After recent events, it’s fair to say that Londoners might well be in need of something to make them smile on their journeys around town - which is why we love the new Art of the Underground project, Acts of Kindness.
An idea conceived by artist Michael Landy, Acts of Kindness is a project encouraging anyone who’s ever used the tube - Londoners and visitors alike - to share stories of compassion and generosity shown to them by other passengers. Celebrating those rare moments when silent commuters stop to talk and help each other out, the project’s aim is to examine the rare feeling we get on the London Underground of being ‘connected’ to each other.
Landy, who defines an act of kindness as breaking out of the “bubble” that we disappear into on the tube and “going beyond yourself to acknowledge someone else’s feelings”, takes all the Acts of Kindness stories submitted and develops them into visual artwork displayed at various stations around the Circle Line.

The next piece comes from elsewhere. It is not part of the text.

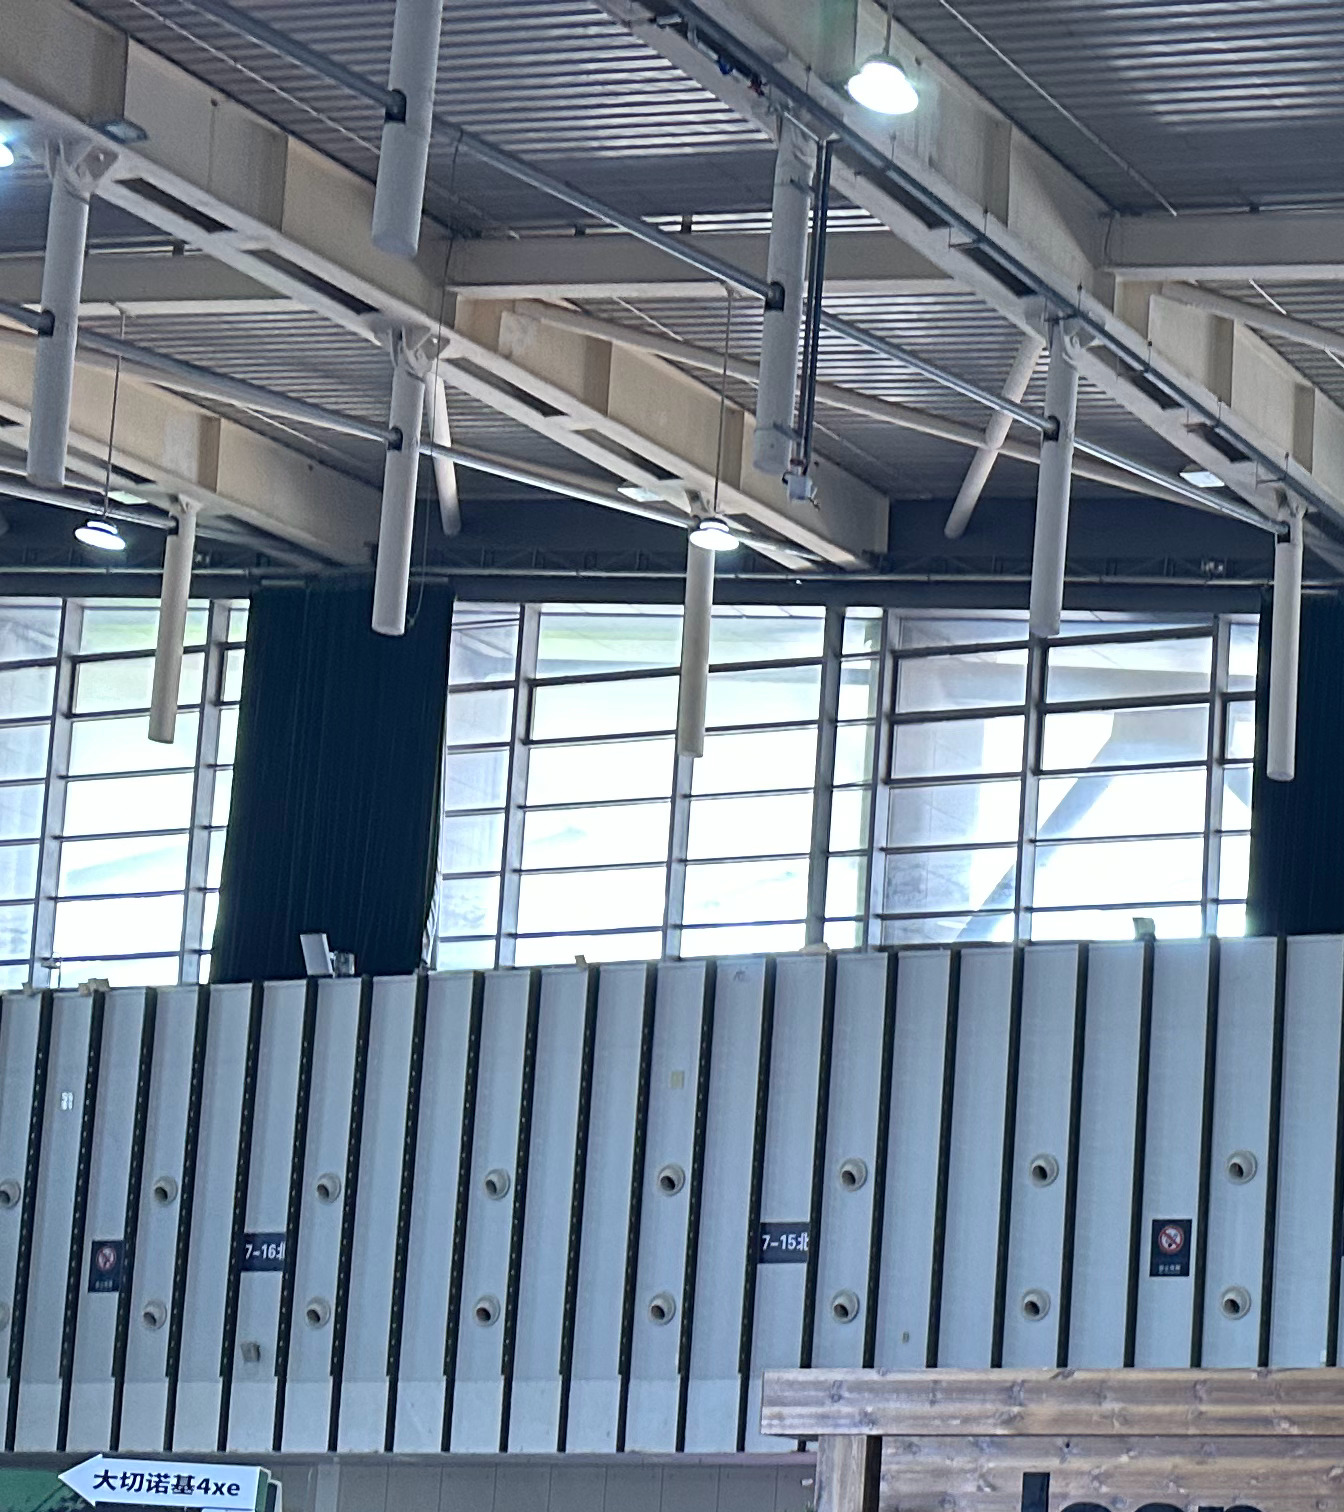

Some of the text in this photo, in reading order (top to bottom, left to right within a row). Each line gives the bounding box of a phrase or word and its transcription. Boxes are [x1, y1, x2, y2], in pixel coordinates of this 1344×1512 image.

We love reading some of the acts of kindness that have been submitted anonymously to the Art on the Underground site - like this one, which we can all relate to:
I cried on the Victoria line, last Friday. Boy trouble. When I got off at Stockwell a girl of about 22 came running up to me to see if I was OK. She gave me a hug and looked right into my tear soaked eyes and said 'sometimes you just need a hug from a random stranger on the tube.' As she walked off in the opposite direction I realised she was right. She'll never know how much her kindness meant to me.
To read more stories of everyday gestures on the tube that have raised people’s spirits, visit the Acts of Kindness site - and if you’d like to share any encounters you’ve had on the Underground, you can share them with the Acts of Kindness project here. We think it’s a great idea - we might all be in need of showing a little kindness to each other right now!